En Argentina, el acto central se realizó el martes en la Plaza de la Shoá en la Ciudad de Buenos Aires con asistencia de funcionarios del Gobierno de la Nación y de la Ciudad, diputados nacionales, diplomáticos y la dirigencia en pleno de la Comunidad judía argentina encabezada por el Presidente de la DAIA, Ariel Cohen Sabban. También asistieron ex-dirigentes y miembros de la cultura.

En el acto se emitió un video con la locución en off del periodista Alfredo Leuco.

LA CADENA JUDÍA DE INFORMACIÓN VIS A VIS seleccionó algunos testimonios de sobrevivientes que intentan reflejar lo que fue el peor flagelo de la humanidad. (Archivo)

“Alguien dijo un día que nosotros llegaríamos a ser tantos como estrellas hay en el firmamento. Seis millones de estrellas se apagaron entre 1933 y 1945. Cada una de ellas era uno de los míos cuya vida fue destruida y cuya familia fue tronchada como un árbol”.

“Me imagino a mi madre acurrucándome entre sus brazos para protegerme del hedor, de los llantos y del miedo que había dentro de aquel vagón. […] Me pregunto dónde estaba ella. ¿En mitad del vagón? ¿Estaba mi padre a su lado? ¿Dio ánimos? ¿Hablaron de lo que podían hacer? […] Mientras me envolvía con cariño en una manta, ¿susurraría mi nombre? ¿Me llenaría la cara de besos y me diría cuánto me quería? ¿Lloraría? ¿Rezaría?”

“Entre 1933 y 1945, seis millones de los míos fueron asesinados. Unos murieron de un tiro. Otros murieron de hambre. Y otros muchos murieron en hornos crematorios o asfixiados en cámaras de gas”.

«Yo fui deportada con mi madre y mi hermana a Auschwitz en abril de 1944. Después de pasar 1 semana en Drancy, un campo transitorio para judíos franceses, nos apilaron por 3 terribles días en vagones para ganado sellados, prácticamente sin comida, sin agua y sin saber nuestro destino. Mi padre y mi hermano fueron deportados a Kaunas en Lituania en un convoy de 850 hombres, de los cuales solo sobrevivieron 20. Nunca supimos que les sucedió a los demás, incluyendo a mi padre y mi hermano».
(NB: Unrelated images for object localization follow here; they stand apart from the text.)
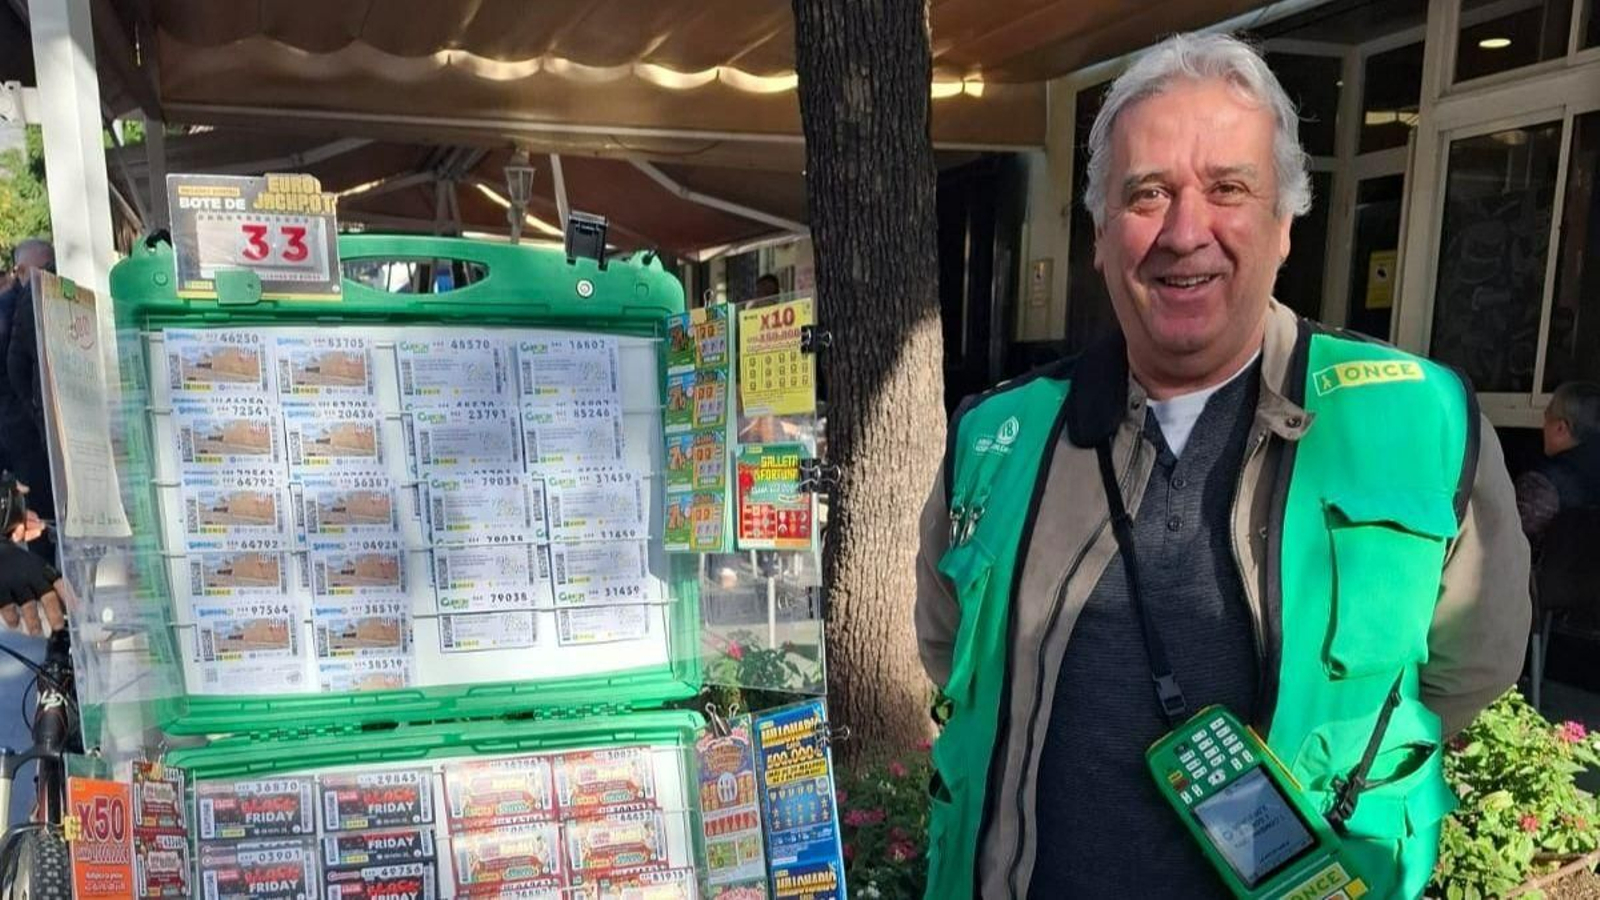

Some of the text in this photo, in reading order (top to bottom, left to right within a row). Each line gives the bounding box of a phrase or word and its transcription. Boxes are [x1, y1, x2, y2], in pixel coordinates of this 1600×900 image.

[268, 175, 321, 194] EURO
[180, 198, 246, 211] BOTE DE
[1344, 364, 1417, 382] ONCE
[761, 716, 818, 749] MILLONARI
[368, 801, 415, 814] FRIDAY
[76, 795, 127, 841] x50
[246, 811, 295, 824] FRIDAY
[368, 837, 415, 849] FRIDAY
[249, 879, 298, 893] FRIDAY
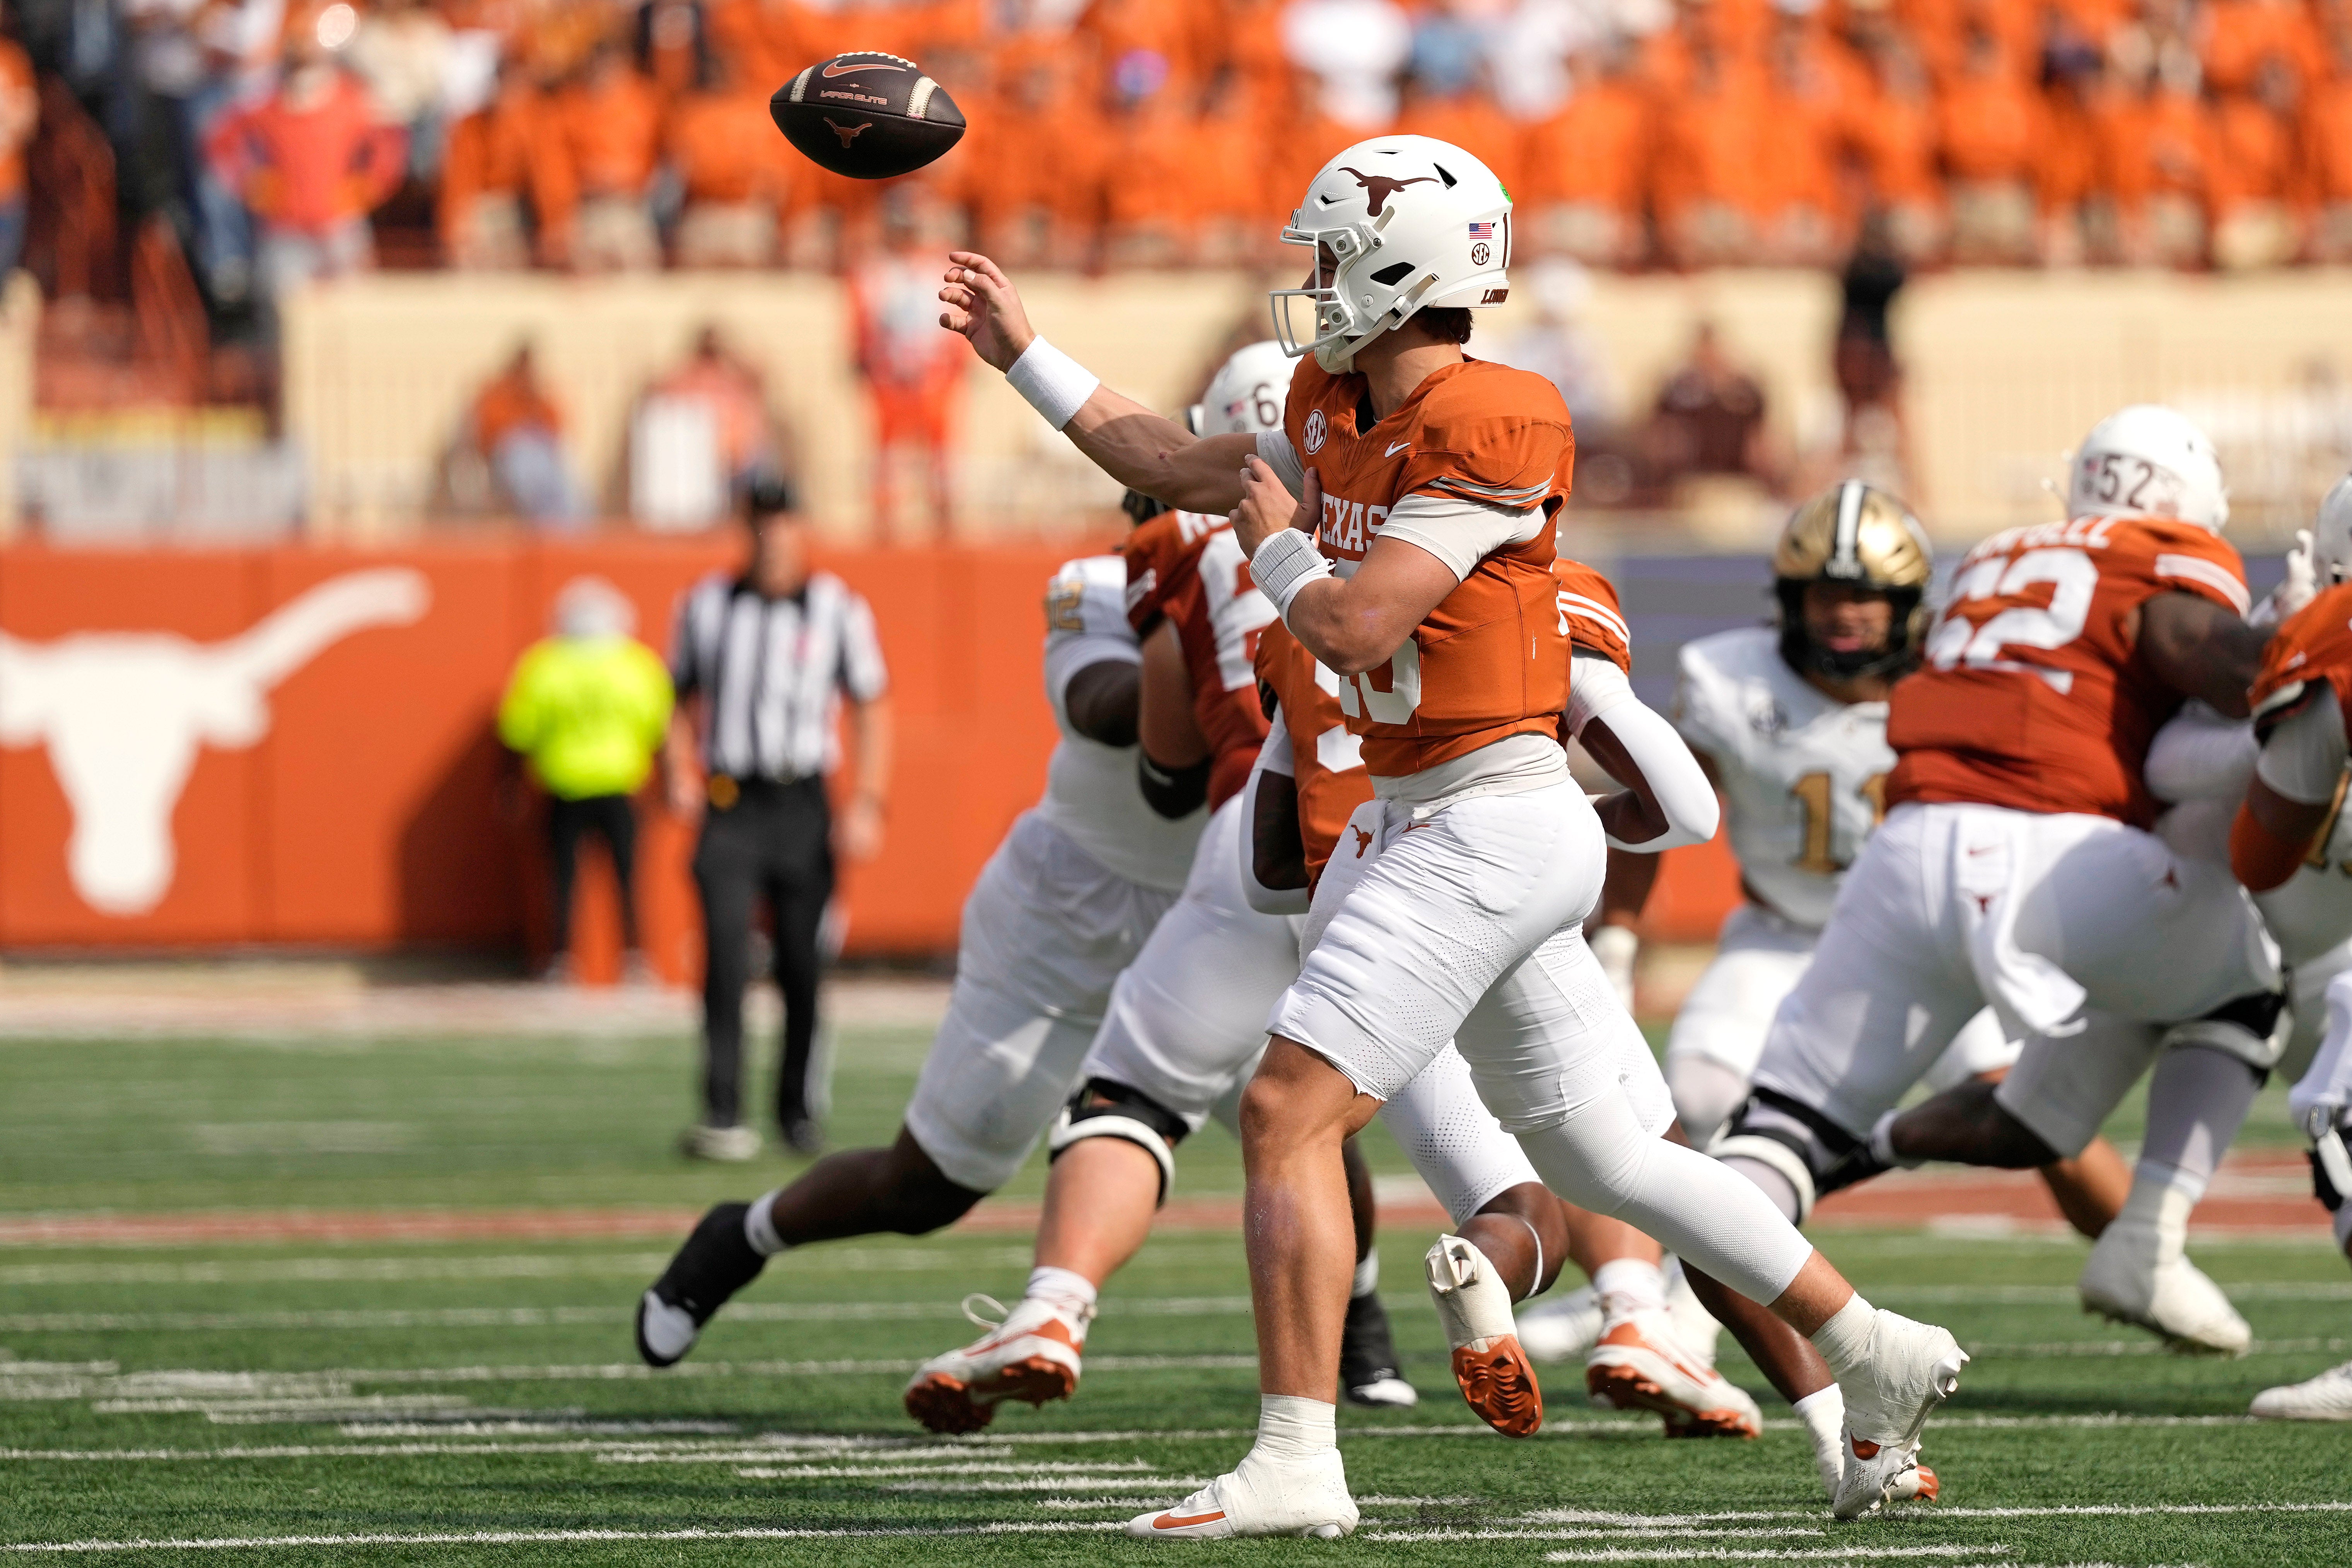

«Llegamos a Auschwitz en medio de la noche. Hacían todo lo posible por aterrorizarnos: fuertes seguidores de luces, perros ladrando, los deportados vestidos como convictos que nos sacaban de los vagones. El Dr. Mengele, el maestro de la selección de los SS, decidía quien ingresaba al campo y quien era llevado directamente a las cámaras de gas. Milagrosamente, las tres fuimos internadas en el campo».